I suspected this to be disingenuous and later that suspicion was confirmed. Given how closely connected Seif was to the embassy in London and how perturbed the embassy was by all the media, it is impossible that he and his aides did not know.
“I’ll send you a selection of articles and interviews on the subject that detail Egypt’s involvement,” I said.
—
Three days later, on the evening of Friday, March 5, a week before the twentieth anniversary of my father’s disappearance, Mohammed Ismail telephoned.
“I am coming to London tomorrow. Let’s meet.”
I telephoned my friend Paul van Zyl.

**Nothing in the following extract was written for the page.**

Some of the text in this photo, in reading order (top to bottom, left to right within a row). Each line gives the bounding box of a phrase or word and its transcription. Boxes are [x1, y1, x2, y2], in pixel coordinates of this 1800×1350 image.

We went through all the possible scenarios. “If at any point during the meeting you want to call me, I’ll be by the phone,” he told me.
I decided not to tell Ziad. I didn’t want to trouble him and get him to make the same rushed journey again. And I also wanted to reserve the option of keeping whatever terrible news Mohammed Ismail was coming to tell me to myself for a little while; then I could worry about how to break it to my family.

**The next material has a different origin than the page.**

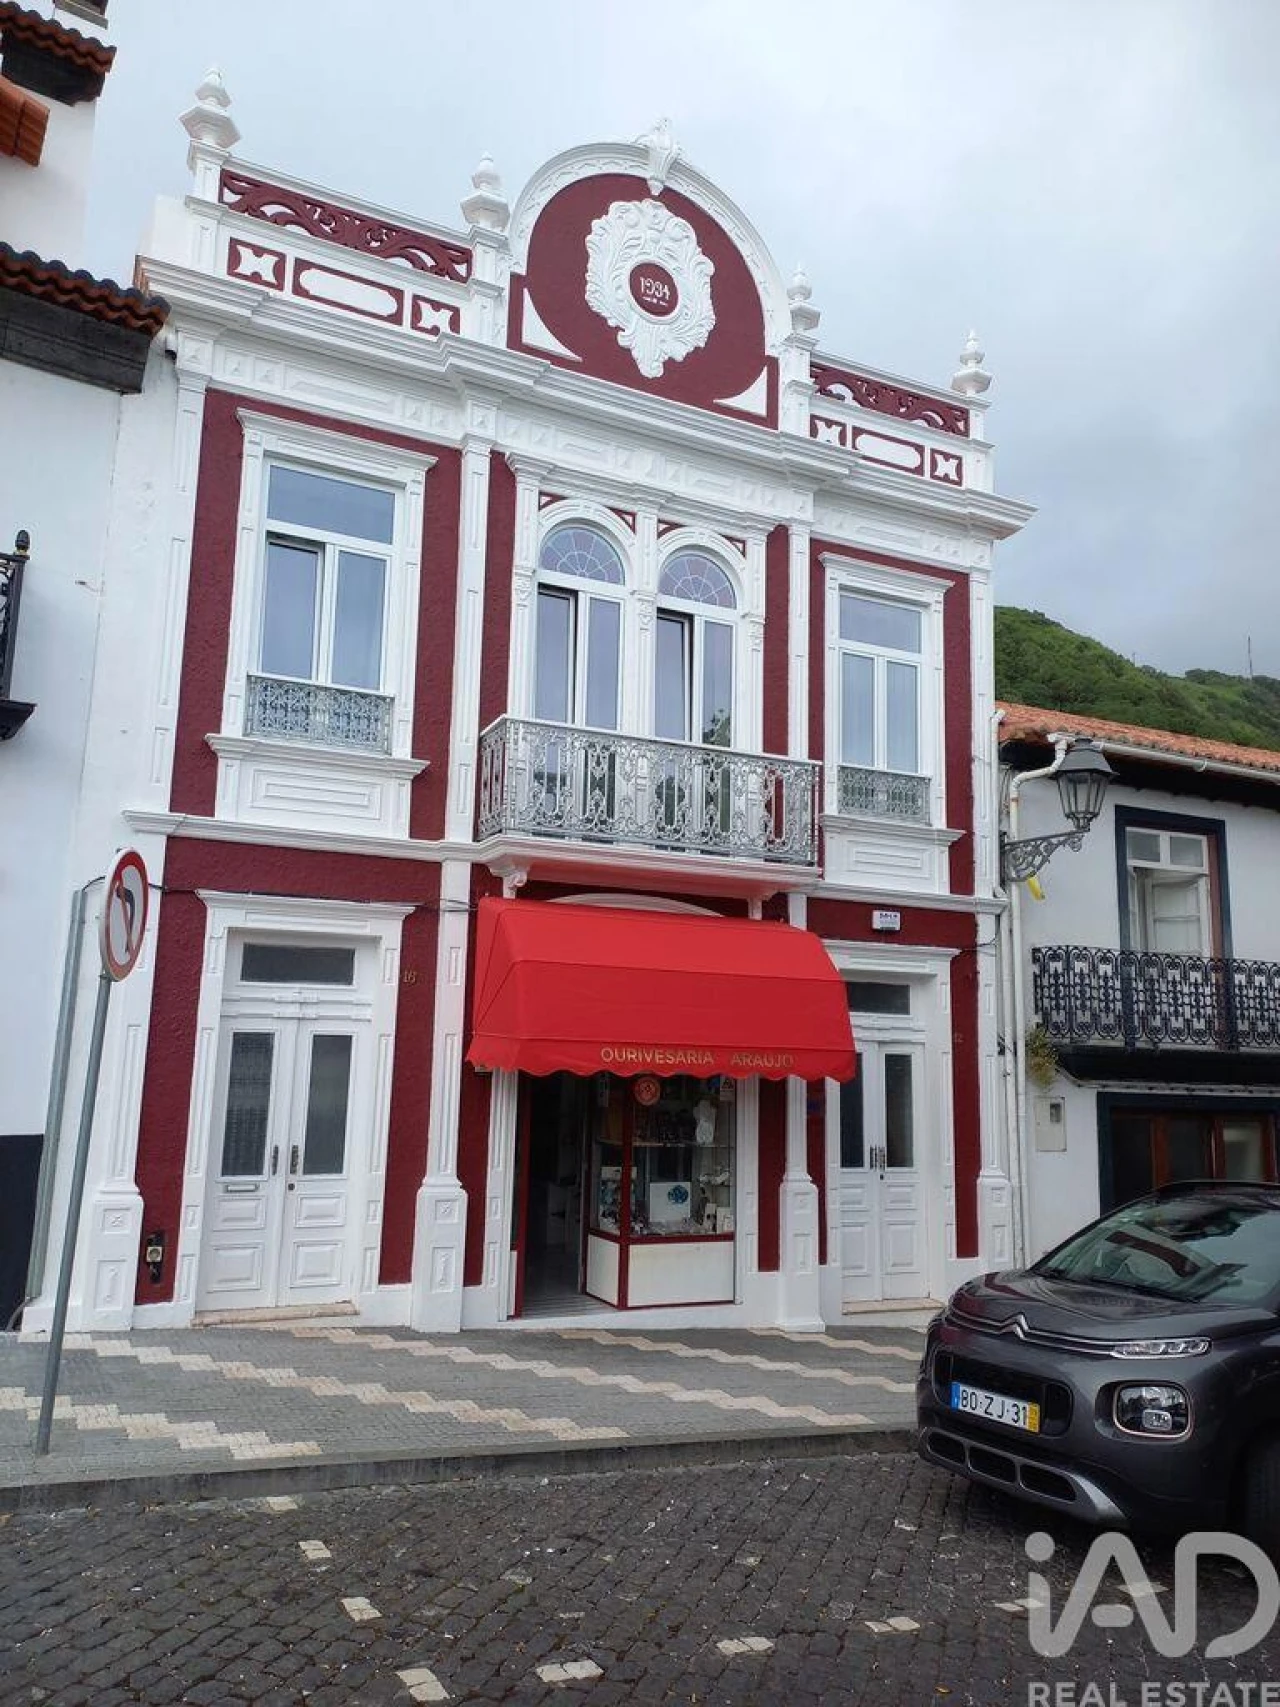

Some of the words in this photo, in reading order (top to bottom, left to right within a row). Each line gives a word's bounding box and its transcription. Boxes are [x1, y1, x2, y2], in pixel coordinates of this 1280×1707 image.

I couldn’t sleep that night. Mother, Ziad and I had planned to be together in a couple of days to mark the date of Father’s disappearance. We had no idea how one ought to commemorate such an occasion. I could not travel to Cairo because, since the publication of my first novel, it was no longer deemed safe for me to go there. So we settled on Nairobi, the city where Mother spent part of the year. I couldn’t imagine having to inform her that Father was dead. I spoke the words out loud to see how they might sound. I didn’t know if I could do it. But if I knew for certain that he was dead, I would have no choice but to tell her.